Work request:
The records that follow are to be transcribed exactly.

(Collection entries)

--- START ---

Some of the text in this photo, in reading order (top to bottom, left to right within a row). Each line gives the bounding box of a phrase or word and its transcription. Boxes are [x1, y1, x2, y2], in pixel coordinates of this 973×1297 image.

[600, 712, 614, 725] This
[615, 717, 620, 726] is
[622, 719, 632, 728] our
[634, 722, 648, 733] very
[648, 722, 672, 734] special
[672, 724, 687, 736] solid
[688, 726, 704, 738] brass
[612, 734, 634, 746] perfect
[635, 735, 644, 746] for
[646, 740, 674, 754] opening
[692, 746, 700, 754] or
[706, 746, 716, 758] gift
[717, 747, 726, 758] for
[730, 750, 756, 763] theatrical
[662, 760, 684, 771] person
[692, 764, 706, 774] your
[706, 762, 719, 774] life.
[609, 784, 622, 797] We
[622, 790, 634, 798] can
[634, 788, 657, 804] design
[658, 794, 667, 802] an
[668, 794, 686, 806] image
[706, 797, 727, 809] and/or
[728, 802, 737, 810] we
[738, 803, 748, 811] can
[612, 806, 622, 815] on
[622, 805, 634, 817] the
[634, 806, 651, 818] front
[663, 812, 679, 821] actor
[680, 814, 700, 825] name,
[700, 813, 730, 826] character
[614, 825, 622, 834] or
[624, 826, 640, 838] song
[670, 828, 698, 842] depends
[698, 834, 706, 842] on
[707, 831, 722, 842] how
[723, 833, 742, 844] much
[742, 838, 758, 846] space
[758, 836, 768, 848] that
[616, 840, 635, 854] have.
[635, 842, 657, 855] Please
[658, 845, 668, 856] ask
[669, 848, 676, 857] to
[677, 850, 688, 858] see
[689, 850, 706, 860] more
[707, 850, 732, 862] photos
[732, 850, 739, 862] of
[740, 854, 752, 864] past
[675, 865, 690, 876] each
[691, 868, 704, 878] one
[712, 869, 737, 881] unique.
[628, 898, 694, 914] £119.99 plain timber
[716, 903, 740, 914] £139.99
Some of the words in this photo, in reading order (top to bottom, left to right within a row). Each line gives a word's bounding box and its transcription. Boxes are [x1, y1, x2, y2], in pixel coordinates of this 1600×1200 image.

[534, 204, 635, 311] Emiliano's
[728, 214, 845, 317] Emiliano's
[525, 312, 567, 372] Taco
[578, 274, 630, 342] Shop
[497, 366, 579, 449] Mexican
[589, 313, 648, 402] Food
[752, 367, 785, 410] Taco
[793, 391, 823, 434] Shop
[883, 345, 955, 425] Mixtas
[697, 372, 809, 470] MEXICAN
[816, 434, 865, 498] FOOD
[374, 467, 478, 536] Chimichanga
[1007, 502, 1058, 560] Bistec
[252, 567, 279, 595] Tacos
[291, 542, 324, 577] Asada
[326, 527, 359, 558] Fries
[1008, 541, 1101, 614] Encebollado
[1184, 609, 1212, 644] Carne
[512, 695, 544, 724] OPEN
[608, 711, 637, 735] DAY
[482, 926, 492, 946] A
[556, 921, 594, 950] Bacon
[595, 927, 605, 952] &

--- END ---

Exercise response:
Some of the text in this photo, in reading order (top to bottom, left to right within a row). Each line gives the bounding box of a phrase or word and its transcription. Boxes are [x1, y1, x2, y2], in pixel coordinates of this 973×1297 image.

[600, 712, 614, 725] This
[615, 717, 620, 726] is
[622, 719, 632, 728] our
[634, 722, 648, 733] very
[648, 722, 672, 734] special
[672, 724, 687, 736] solid
[688, 726, 704, 738] brass
[612, 734, 634, 746] perfect
[635, 735, 644, 746] for
[646, 740, 674, 754] opening
[692, 746, 700, 754] or
[706, 746, 716, 758] gift
[717, 747, 726, 758] for
[730, 750, 756, 763] theatrical
[662, 760, 684, 771] person
[692, 764, 706, 774] your
[706, 762, 719, 774] life.
[609, 784, 622, 797] We
[622, 790, 634, 798] can
[634, 788, 657, 804] design
[658, 794, 667, 802] an
[668, 794, 686, 806] image
[706, 797, 727, 809] and/or
[728, 802, 737, 810] we
[738, 803, 748, 811] can
[612, 806, 622, 815] on
[622, 805, 634, 817] the
[634, 806, 651, 818] front
[663, 812, 679, 821] actor
[680, 814, 700, 825] name,
[700, 813, 730, 826] character
[614, 825, 622, 834] or
[624, 826, 640, 838] song
[670, 828, 698, 842] depends
[698, 834, 706, 842] on
[707, 831, 722, 842] how
[723, 833, 742, 844] much
[742, 838, 758, 846] space
[758, 836, 768, 848] that
[616, 840, 635, 854] have.
[635, 842, 657, 855] Please
[658, 845, 668, 856] ask
[669, 848, 676, 857] to
[677, 850, 688, 858] see
[689, 850, 706, 860] more
[707, 850, 732, 862] photos
[732, 850, 739, 862] of
[740, 854, 752, 864] past
[675, 865, 690, 876] each
[691, 868, 704, 878] one
[712, 869, 737, 881] unique.
[628, 898, 694, 914] £119.99 plain timber
[716, 903, 740, 914] £139.99
Some of the words in this photo, in reading order (top to bottom, left to right within a row). Each line gives a word's bounding box and its transcription. Boxes are [x1, y1, x2, y2], in pixel coordinates of this 1600×1200 image.

[534, 204, 635, 311] Emiliano's
[728, 214, 845, 317] Emiliano's
[525, 312, 567, 372] Taco
[578, 274, 630, 342] Shop
[497, 366, 579, 449] Mexican
[589, 313, 648, 402] Food
[752, 367, 785, 410] Taco
[793, 391, 823, 434] Shop
[883, 345, 955, 425] Mixtas
[697, 372, 809, 470] MEXICAN
[816, 434, 865, 498] FOOD
[374, 467, 478, 536] Chimichanga
[1007, 502, 1058, 560] Bistec
[252, 567, 279, 595] Tacos
[291, 542, 324, 577] Asada
[326, 527, 359, 558] Fries
[1008, 541, 1101, 614] Encebollado
[1184, 609, 1212, 644] Carne
[512, 695, 544, 724] OPEN
[608, 711, 637, 735] DAY
[482, 926, 492, 946] A
[556, 921, 594, 950] Bacon
[595, 927, 605, 952] &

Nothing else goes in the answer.